> Now, if the good was completely fungible, risk-free and totally liquid (think cash), there would be no expected discount because of risk.. just transaction cost.
Not totally liquid. That's a lot of bitcoints being sold. The buyer could not go ahead and sell all of those coins immediately after getting them without severely impacting the price. The buyer would probably need a couple of weeks to unload those BTC without moving prices much. That creates risk as there's a lot of volatility in BTC. As a result, the range of possibilities on what you would eventually sell those BTC for is wide. If you could (and maybe you can... I'm not super aware of all the BTC instruments these days) buy/sell BTC derivatives (options/futures) you would be able to transfer that risk to someone else, but it would be at a cost. This cost would roughly translate to how much you would be willing to pay to be able to sell a bitcoin at a future date at today's market price.
As a result, a buyer would be willing to pay market price - transaction costs - risk transfer cost.
Pricing the risk is of course tough as future volatility is especially tough to predict for BTC. But this is the fundamental rubric for how one would view the transaction.
It is apparently hard to trade that many bitcoins for the equivalent amount of government-backed currency or goods.
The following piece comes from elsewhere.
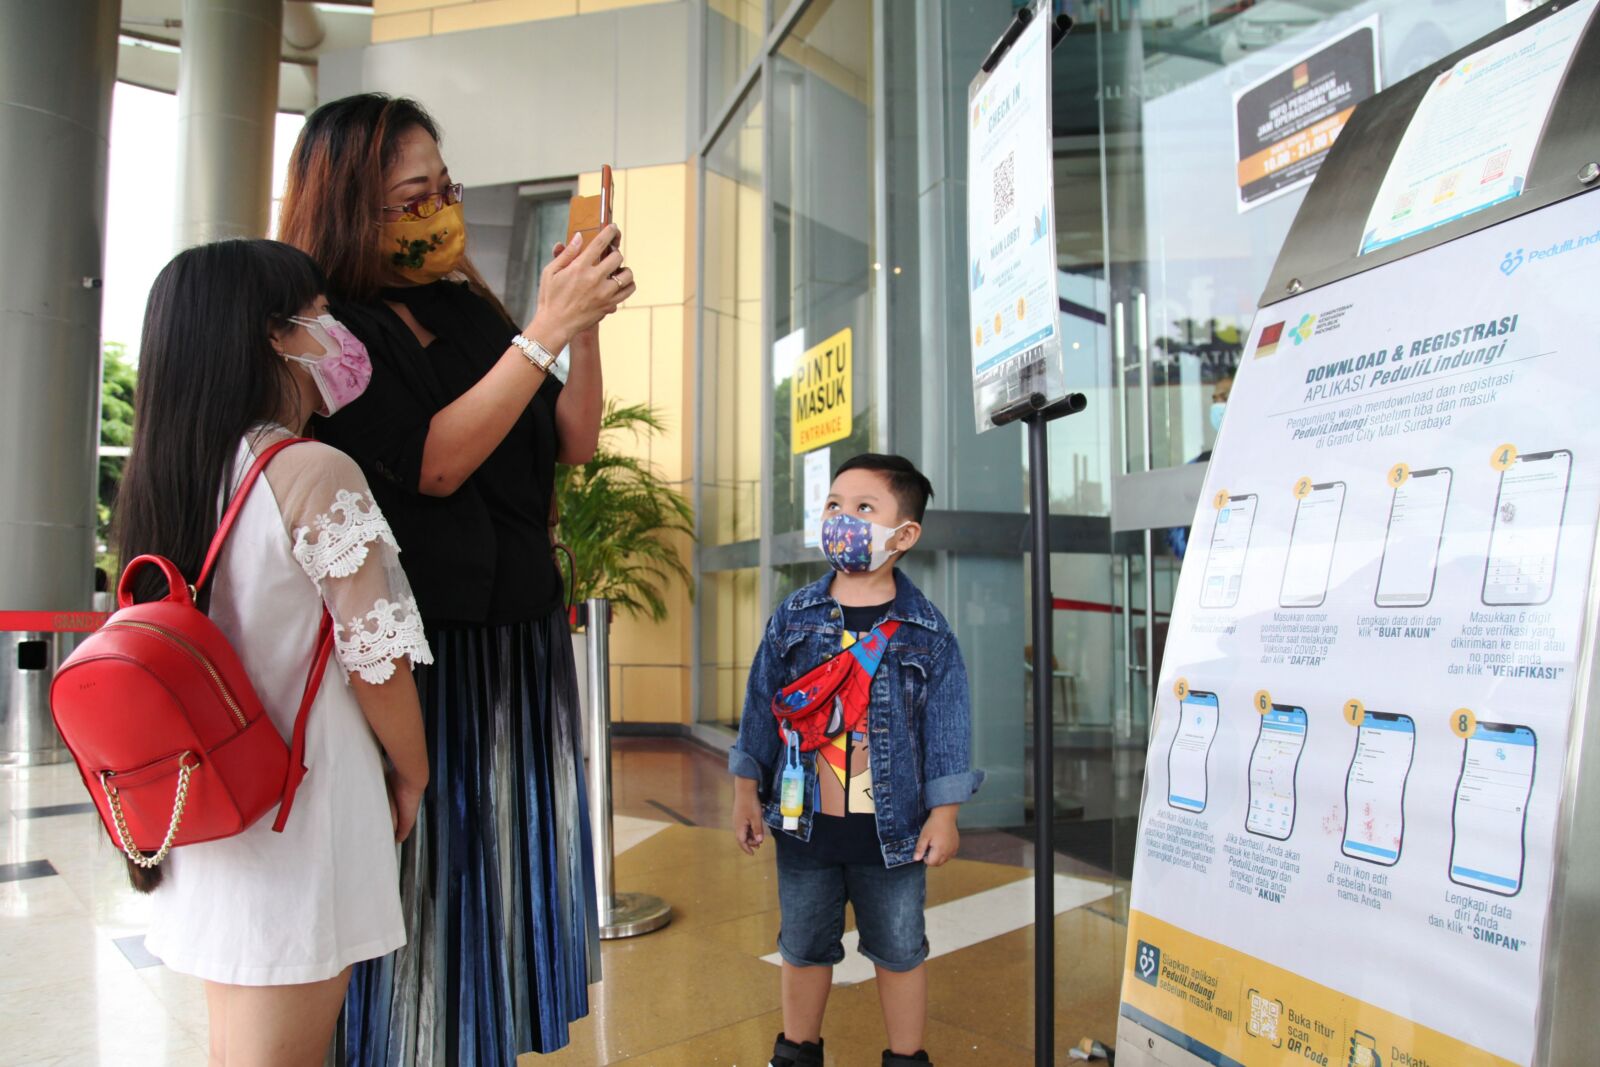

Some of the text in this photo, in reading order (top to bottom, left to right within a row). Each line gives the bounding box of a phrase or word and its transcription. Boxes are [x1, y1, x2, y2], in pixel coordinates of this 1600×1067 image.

To be fair to Bitcoin, it's not the only "currency" with that problem... during the Argentinean crisis, many local governments paid their workers with alternative currencies ("patacones" and others) which rapidly devalued.
You're talking about liquidity not fungability. But regardless Bitstamp's 24 hour volume yesterday was 32,799 BTC. Trading that much bitcoin is not really a problem.
How is that not the case here?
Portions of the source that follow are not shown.